Try it >>
The reply should hold every record, copied exactly, and none of the pictures.

*** Opening Given information ***

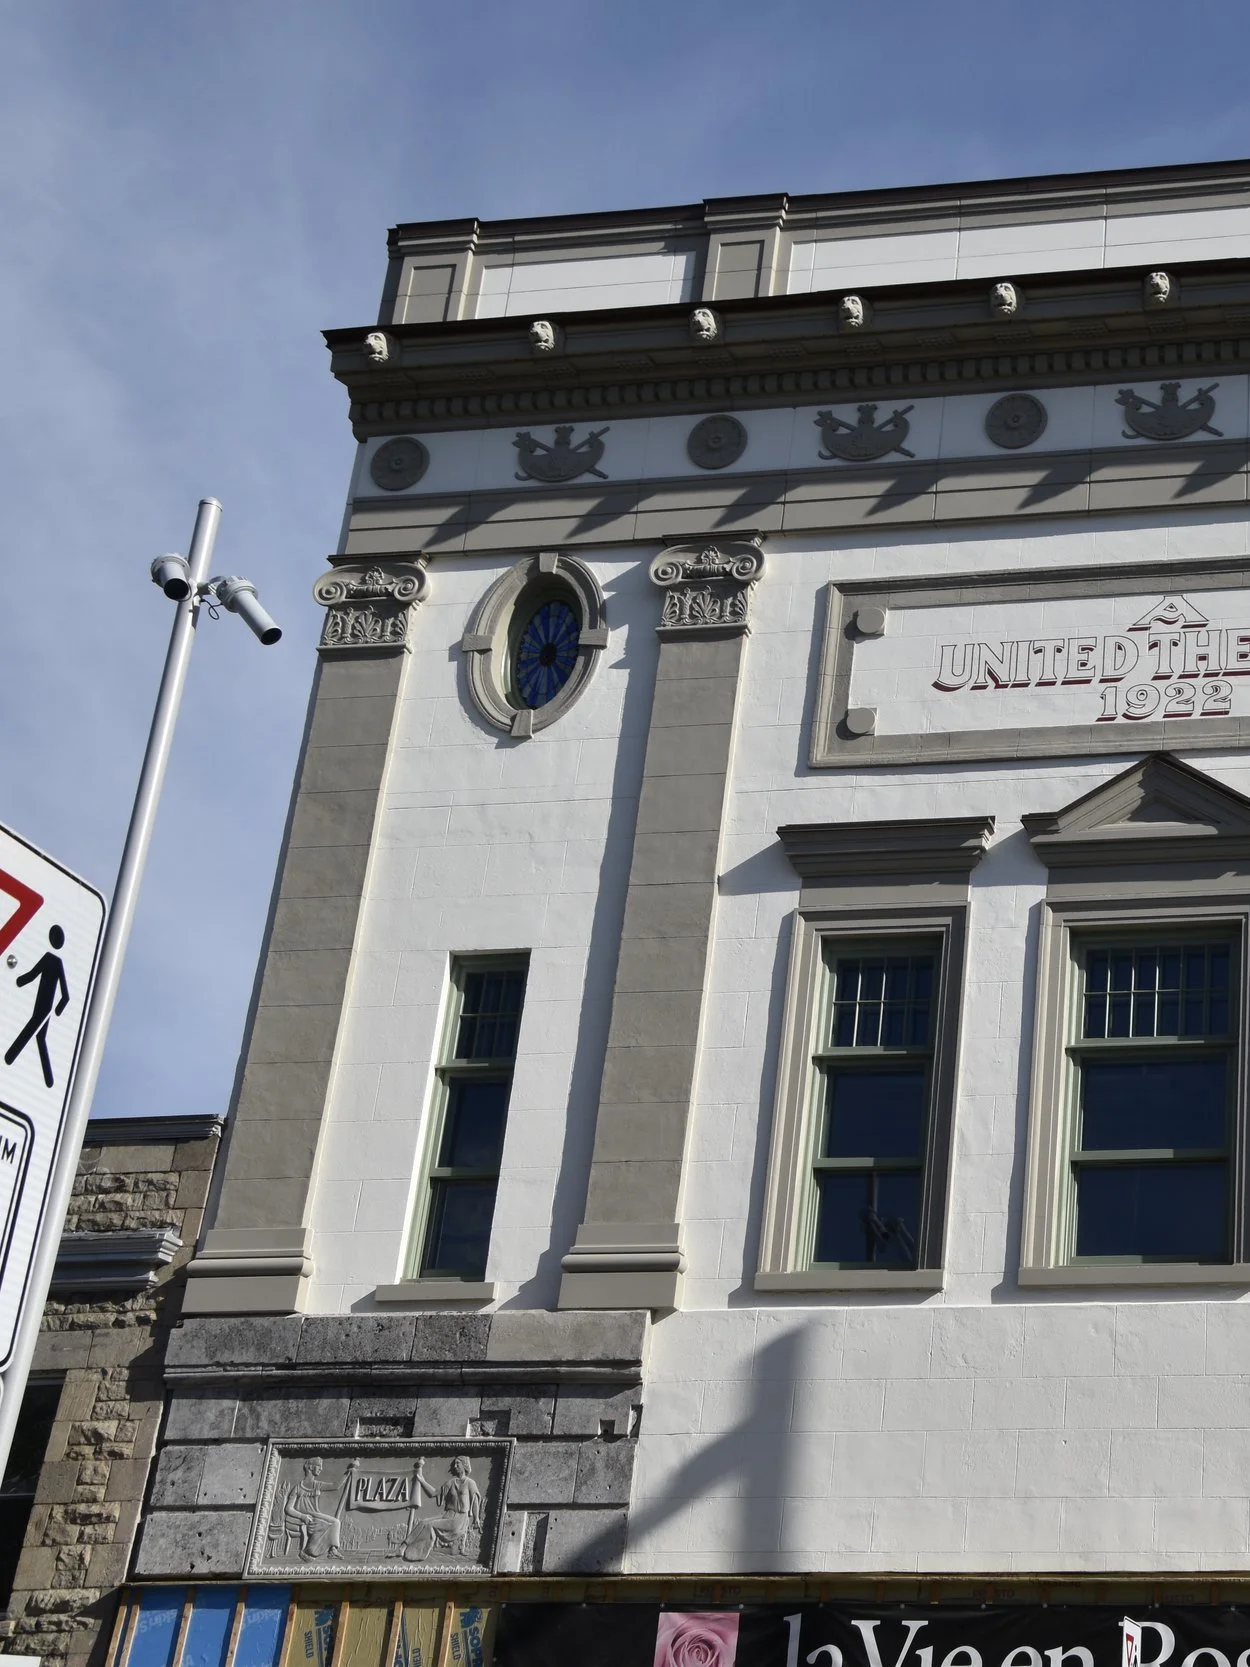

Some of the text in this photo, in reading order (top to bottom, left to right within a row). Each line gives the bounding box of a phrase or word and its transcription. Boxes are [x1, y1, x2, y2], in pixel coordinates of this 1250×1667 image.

[1127, 595, 1209, 631] A
[932, 634, 1139, 692] UNITED
[1096, 678, 1234, 722] 1922
[356, 1477, 408, 1502] PLAZA

*** Closing Given information ***

Written solution >>
Some of the text in this photo, in reading order (top to bottom, left to right within a row). Each line gives the bounding box of a phrase or word and its transcription. Boxes are [x1, y1, x2, y2], in pixel coordinates of this 1250×1667 image.

[1127, 595, 1209, 631] A
[932, 634, 1139, 692] UNITED
[1096, 678, 1234, 722] 1922
[356, 1477, 408, 1502] PLAZA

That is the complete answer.